**EXERCISE BRIEF**
Word for word, write the records out again, but omit each picture.

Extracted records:

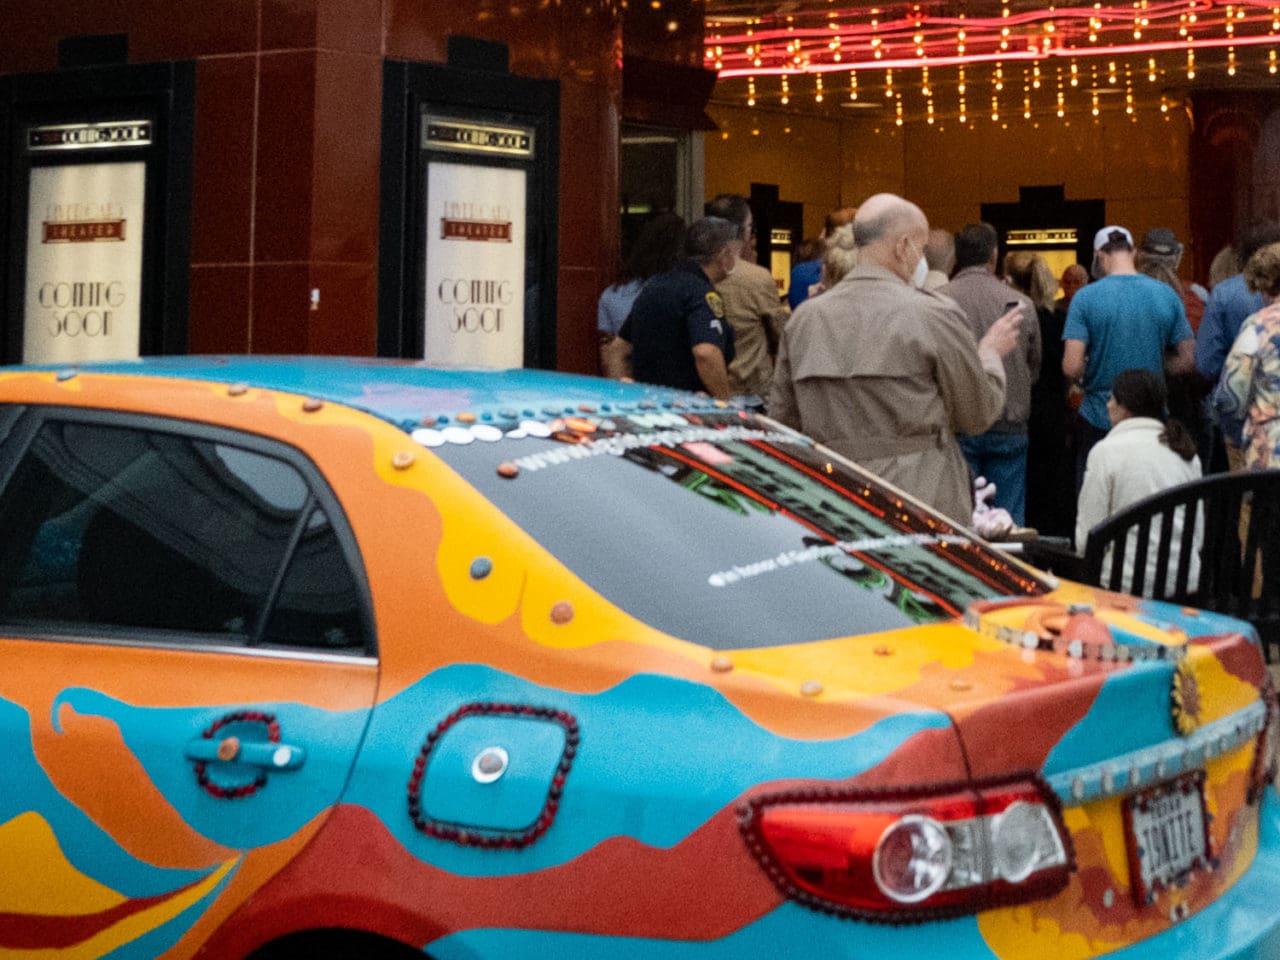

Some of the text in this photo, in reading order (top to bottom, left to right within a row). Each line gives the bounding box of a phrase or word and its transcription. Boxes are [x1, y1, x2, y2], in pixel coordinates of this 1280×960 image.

[38, 281, 126, 309] COMING
[437, 279, 514, 306] COMING
[47, 309, 114, 338] SOON
[448, 306, 505, 334] SOON

**RESULT OF THE EXERCISE**
Some of the text in this photo, in reading order (top to bottom, left to right within a row). Each line gives the bounding box of a phrase or word and its transcription. Boxes are [x1, y1, x2, y2], in pixel coordinates of this 1280×960 image.

[38, 281, 126, 309] COMING
[437, 279, 514, 306] COMING
[47, 309, 114, 338] SOON
[448, 306, 505, 334] SOON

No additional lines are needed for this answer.